これが正式な二つ名なのだが、そう考えると先ほど聞いたマリ姉を指す「爆煙の魔女」は、二つ名というよりはアダ名と言った方が正しいか…。
…俺もスタンピード後に「巨猪殺し」などという微妙な呼ばれ方をされたことを思い出してしまったが、つくづく冒険者というものはもの好きなものだと思う。
(…ようこそマリ姉、此方側へ。)
俺の「巨猪殺し」よりはマシだが、「爆煙の魔女」というそのまんまなアダ名に俺は内心でほくそ笑んだ。
「因みに獣人の嬢ちゃんは「白猫」、修道女さんが「聖母」だ。」
ニーニャもマリ姉同様見たまんま、アデリナもこれ以上なくしっくりくる。(身体のとある部分を参照)
アデリナは還俗したため既に修道女ではないのだが、まぁ…細かいことはいいか。
…。
…………。
…………………。
「…なぁ、俺は?」
ゴーレム狩りで目立ったことでマリ姉のついでで付いた呼び名なのだろうが、それなら俺にも呼び名が付いてもおかしくはない。
格好良いとまでは行かずとも「巨猪殺し」よりはマシな呼び名を期待した俺だったが、冒険者が好き勝手に付けるということの意味をまざまざと思い知らされることとなる。
「「肉壁」。」
「………、は?」
ちょっと何言ってるか分からん。
…何て?
「お前は「肉壁」、だ。

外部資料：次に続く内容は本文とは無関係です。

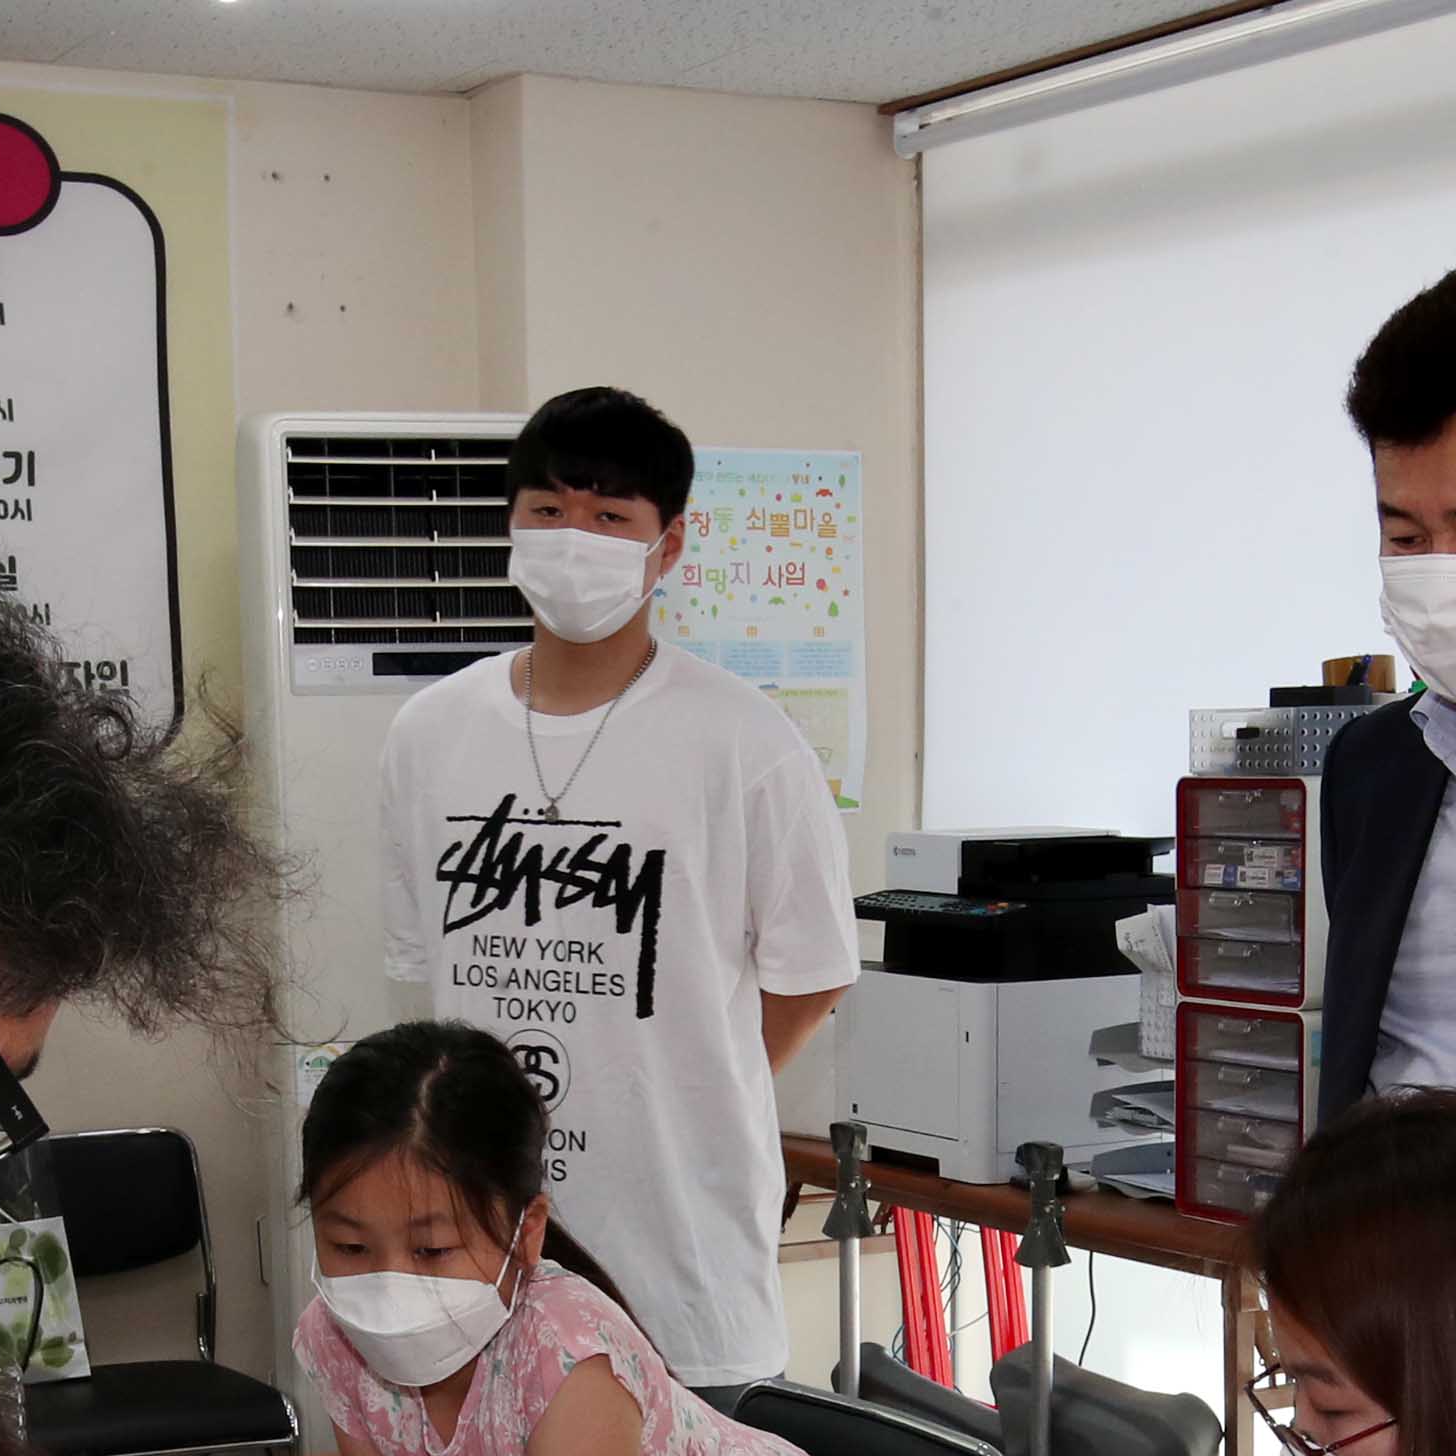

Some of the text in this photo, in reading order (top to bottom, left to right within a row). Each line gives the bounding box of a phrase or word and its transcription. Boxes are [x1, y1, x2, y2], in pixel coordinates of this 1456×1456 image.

[762, 561, 806, 589] 사업
[472, 934, 605, 965] NEW YORK
[453, 963, 626, 997] LOS ANGELES
[493, 996, 577, 1024] TOKYO

」
oh…、meat wall ?(無駄に良い発音)
………よろしい、ならば戦争だ。
一人残らず駆逐してやるっ…!(血涙)
これが後のbattle of wall meatであった。
(※当然そんな歴史は存在しない)
…………………。
…………。
…。
…とまぁ、ふざけるのもこのくらいにして。
マリ姉が数人の冒険者から聞き出した情報を纏めると、昨日ヒューバートがやらかしたらしい。
最近ギルド内のトラブルと言えば何かと渦中にあったので、自分たちが関わらないトラブルが何だか新鮮に感じる。
俺のズレた感想は捨て置き。
俺たちが休息している間に何があったのかと言うと、〈第6層〉に異常発生した〈悪魔〉。

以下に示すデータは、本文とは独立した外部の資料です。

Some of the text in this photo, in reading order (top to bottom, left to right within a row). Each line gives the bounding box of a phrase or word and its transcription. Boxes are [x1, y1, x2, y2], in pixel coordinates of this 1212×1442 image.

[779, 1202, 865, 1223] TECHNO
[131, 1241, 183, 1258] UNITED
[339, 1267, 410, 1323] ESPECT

非戦闘員のヒューバートがなんと、その仮称「第6層の悪魔」を使役していたというのだ!
「〈悪魔〉を使役って…、…ただの『使役』スキルじゃなさそうね。」
と、俺たちに聞き出した情報の共有を終えたマリ姉が、僅かに警戒を滲ませて言う。
確かにマリ姉の言うように良く知られている『使役』スキルは、使役する魔物に力を示す必要がある。

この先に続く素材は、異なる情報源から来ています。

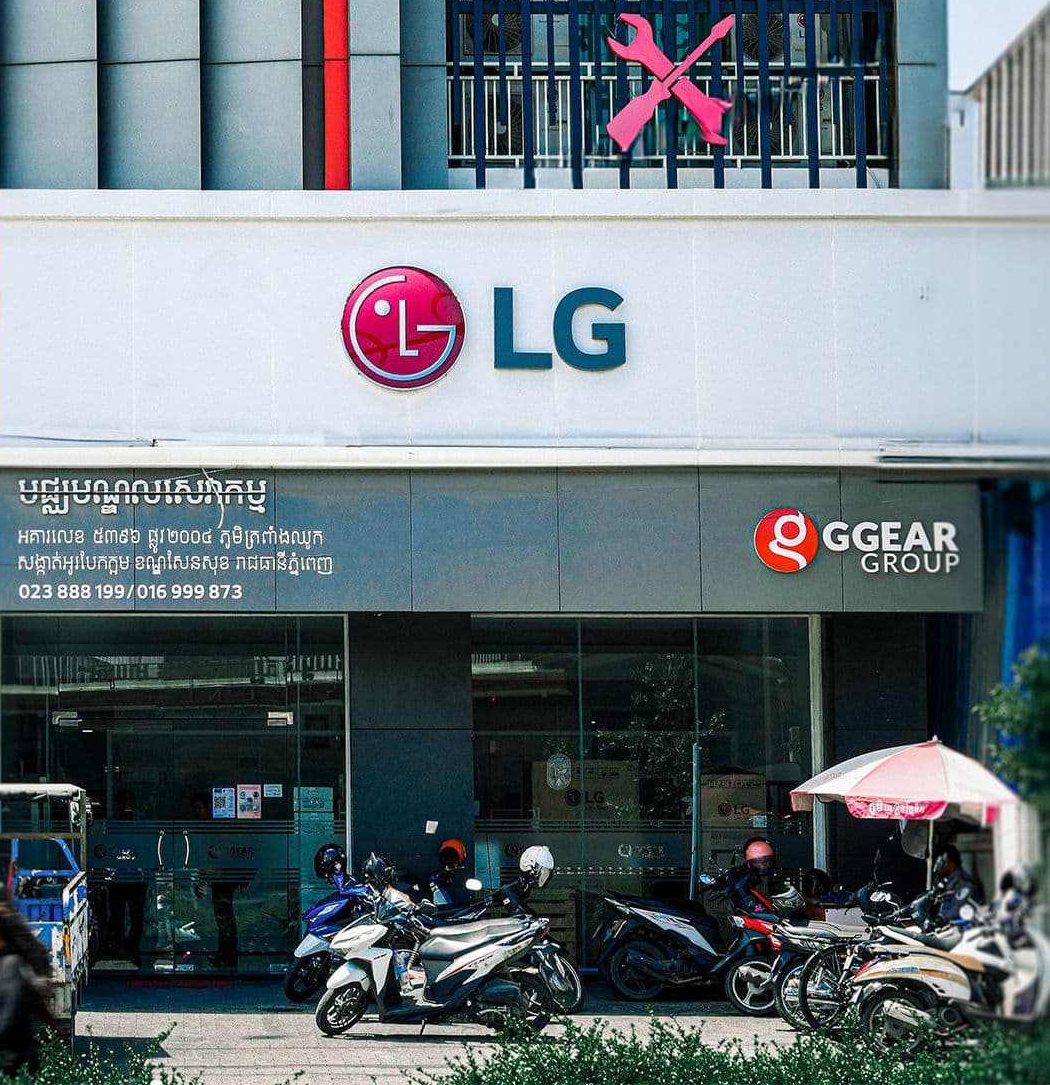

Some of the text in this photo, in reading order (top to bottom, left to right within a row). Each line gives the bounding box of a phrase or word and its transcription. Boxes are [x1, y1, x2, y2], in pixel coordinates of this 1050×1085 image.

[493, 286, 627, 371] LG
[822, 521, 959, 552] GGEAR
[861, 553, 960, 573] GROUP
[18, 584, 53, 599] 023
[57, 584, 92, 599] 888
[171, 584, 205, 599] 999
[208, 584, 243, 599] 873
[585, 791, 604, 804] LG
[733, 804, 751, 815] LG

そのため非戦闘職の〈荷運び〉であるヒューバートに、Cランク間近のパーティーを壊滅させた「第6層の悪魔」を使役できる筈が無いのだ。
「…覚醒スキル、でしょうか…?」
トラウマの原因が使役されていると聞き複雑な表情のアデリナが、やはりまだ体調が良くなさそうなか細い声で呟いた。
(覚醒スキルなら、まぁ…無くはないな。)
絶体絶命の危機に強力なスキルが覚醒するという話は英雄譚などには付き物だが実際のところ覚醒スキルは眉唾物で、国に数人いるかという Sランク級の強者が持っているとかという噂があるくらいのもの。
確かにダンジョンから生還するまでに幾つもの命の危機があったのだろうが、〈悪魔〉の魔物ランクは Cランクに留まる。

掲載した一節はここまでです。